Ho escluso da questa affermazione le famiglie e gli alunni, perché va ricordato, come ho anticipato prima, che i docenti di sostegno, non dovrebbero essere considerati i docenti degli alunni e delle alunne con disabilità, ma docenti di classe, e non solo perché così vuole la normativa.
Se è pur vero che il sostegno costituisca una prassi scolastica che rende possibile la declinazione didattica delle varie discipline in modo da garantire l’istruzione, la formazione, nonché a contribuire allo sviluppo delle capacità degli alunni e delle alunne con disabilità, attraverso percorsi a loro dedicati, un docente di sostegno dovrebbe svolgere un compito veramente volto a rendere l’inclusione una certezza e non uno sfondo sbiadito e ipotetico.
Il suo ruolo, invece, viene sminuito da politiche inadeguate ma ipocrite, che tendono a legare la presenza del docente di sostegno nel corpo docente di una scuola alla presenza di alunni con disabilità, sminuendo nei fatti la loro importanza per tutta la comunità scolastica.
Dal 2012, da quando in una logica di tagli ammantata di “innovazione” è il docente curricolare che si fa carico degli alunni con DSA o BES, la figura del docente di sostegno fa binomio con la disabilità, cosa che, in un contesto come quello delle cosiddette “classi pollaio” tutt’altro che abolite, fa perdere all’attività di sostegno la prerogativa di essere un docente di “tutti”, come un’inclusione autentica vorrebbe.
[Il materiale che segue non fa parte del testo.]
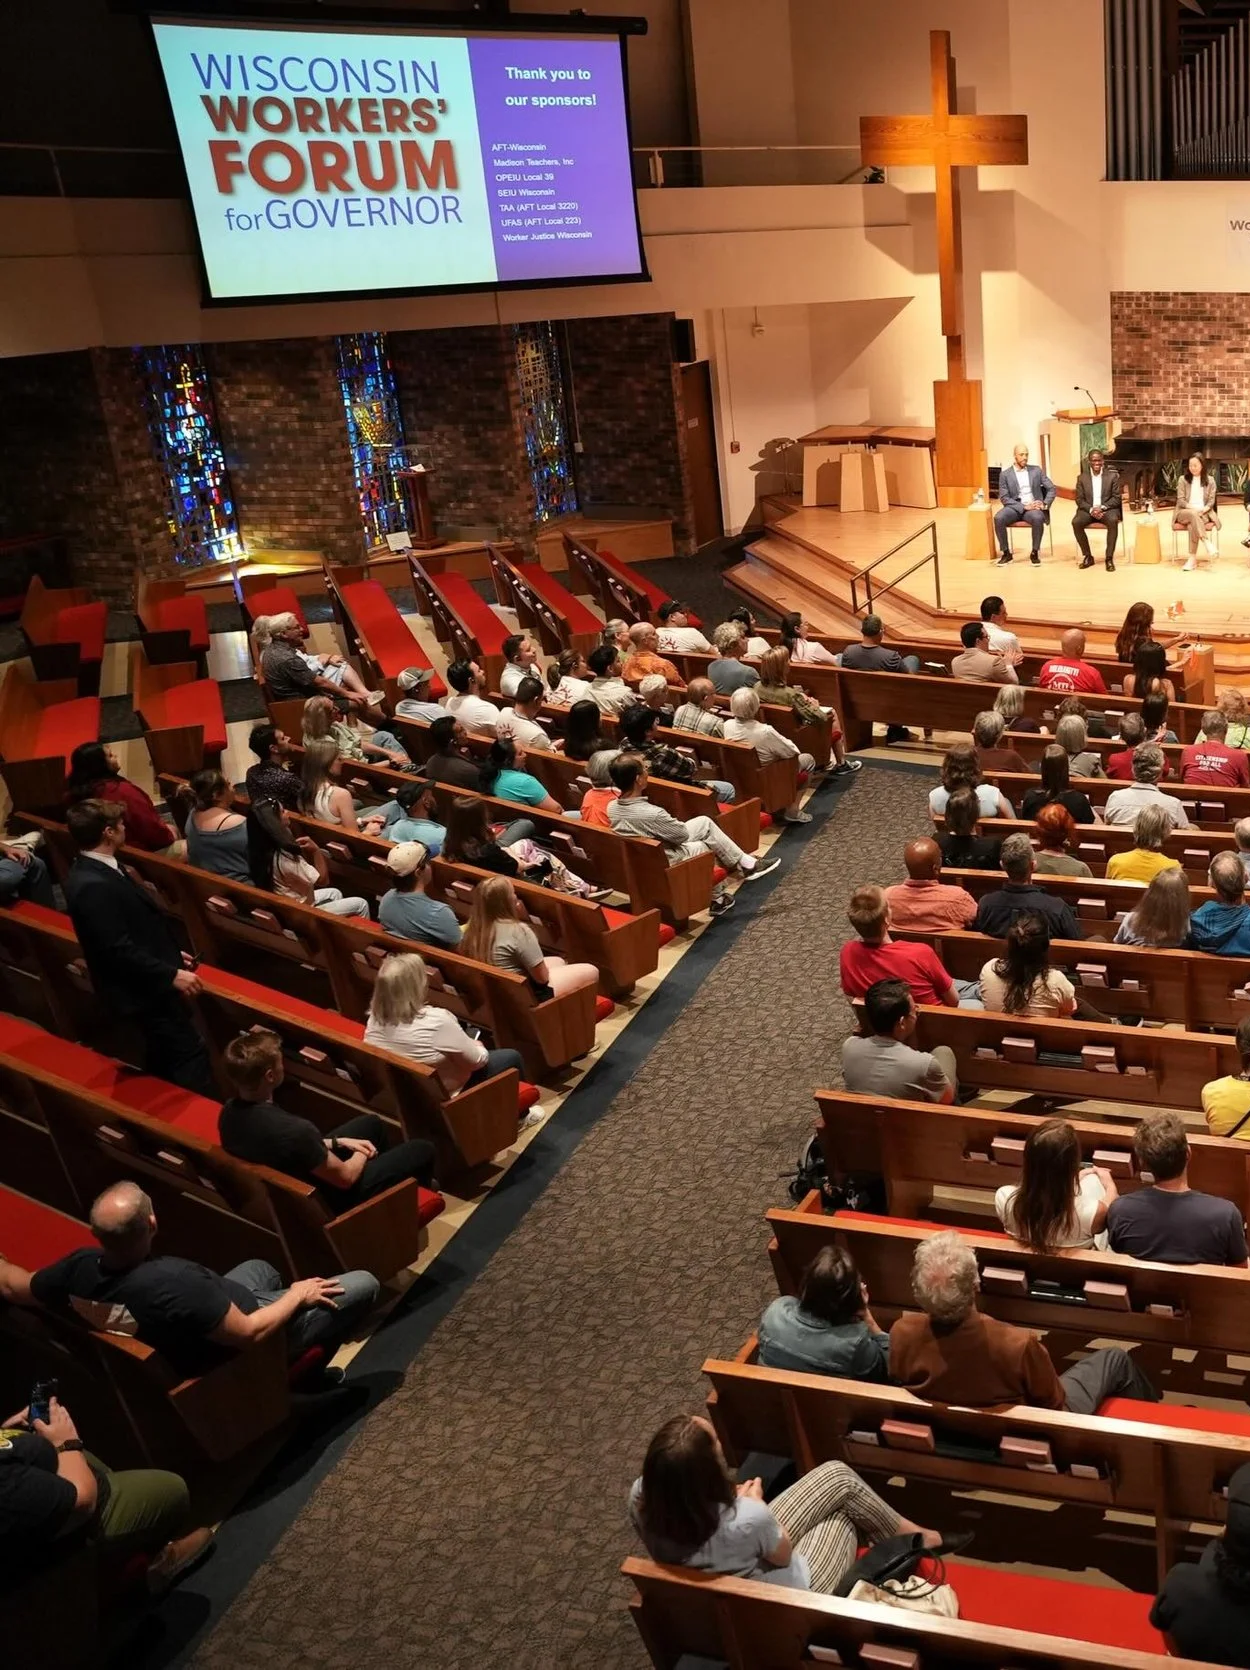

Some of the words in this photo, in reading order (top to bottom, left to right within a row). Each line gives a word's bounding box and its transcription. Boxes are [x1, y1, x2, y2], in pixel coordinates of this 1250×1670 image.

[191, 53, 439, 93] WISCONSIN
[505, 67, 547, 80] Thank
[550, 70, 575, 82] you
[578, 69, 591, 79] to
[505, 95, 528, 105] our
[532, 94, 596, 108] sponsors!
[200, 95, 448, 133] WORKERS'
[208, 140, 459, 194] FORUM
[519, 188, 555, 196] Wisconsin
[499, 204, 515, 212] TAA
[517, 204, 534, 212] (AFT
[537, 203, 556, 211] Local
[558, 202, 578, 211] 3220)
[501, 219, 522, 227] UFAS
[525, 219, 542, 227] (AFT
[565, 216, 582, 225] 223)
[503, 234, 528, 242] Worker
[557, 231, 592, 239] Wisconsin
Se è vero che le classi che presentano alunni con disabilità. sono un po’ meno numerose, di fatto anche questo costituisce un terreno di differenziazione, contrario al principio dell’inclusione, che dovrebbe essere abolito culturalmente, ancorché politicamente.
Agire politicamente nella direzione dell’inclusione sociale, oltre che scolastica, quindi, deve necessariamente passare attraverso una gestione diversa della scuola e della percezione legata al sostegno, attività utile e imprescindibile per ogni istituzione scolastica che voglia attuare un progetto di inclusione di ogni alunno e di ogni alunna, sia con disabilità, con disturbi dell’apprendimento, bisogni educativi speciali o apparentemente senza nessuna di queste condizioni.
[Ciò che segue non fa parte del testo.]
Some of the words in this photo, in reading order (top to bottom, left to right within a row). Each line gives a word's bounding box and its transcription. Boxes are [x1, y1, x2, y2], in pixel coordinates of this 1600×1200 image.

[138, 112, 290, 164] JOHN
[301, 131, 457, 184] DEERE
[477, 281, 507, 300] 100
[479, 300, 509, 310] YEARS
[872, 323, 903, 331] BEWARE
Perché non prevedere quindi che l’organico dell’autonomia e del funzionamento, ovvero la componente stabile di cui ciascuna scuola ha bisogno, indipendentemente dalla contrazione possibile delle iscrizioni o della frequenza della popolazione scolastica, disponga stabilmente di un numero adeguato di docenti di sostegno a garanzia dei diritti di tutti e fuori da ogni etichetta? Perché solo le famiglie di alunni con disabilità devono sentirsi privati di un diritto per i loro figli, quando mancano i docenti di sostegno e non tutta la comunità scolastica di cui le famiglie di tutti gli alunni e le alunne fanno parte? Non è forse un diritto anche per chi vive la condizione di disabilità avere una continuità didattica anche a garanzia del risultato che si vorrebbe perseguire? Ogni anno gli stessi interrogativi, le stesse preoccupazioni e le stesse promesse, senza che qualcosa cambi veramente.
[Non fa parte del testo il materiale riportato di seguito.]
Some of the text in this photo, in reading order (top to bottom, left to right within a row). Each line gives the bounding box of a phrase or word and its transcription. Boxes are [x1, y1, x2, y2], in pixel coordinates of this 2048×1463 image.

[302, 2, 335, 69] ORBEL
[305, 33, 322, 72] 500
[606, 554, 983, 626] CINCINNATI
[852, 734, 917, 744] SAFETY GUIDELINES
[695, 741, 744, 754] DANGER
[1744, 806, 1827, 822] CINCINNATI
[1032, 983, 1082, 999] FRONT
Temo che dietro questa questione ci siano tante ipocrisie e troppe disattenzioni e che finché la disabilità verrà vissuta anche culturalmente come un elemento non strutturale nulla cambierà. Come associazione, quindi, auspichiamo un cambiamento, al quale lavoriamo anche in termini concreti, con iniziative e proposte sia a livello nazionale che locale.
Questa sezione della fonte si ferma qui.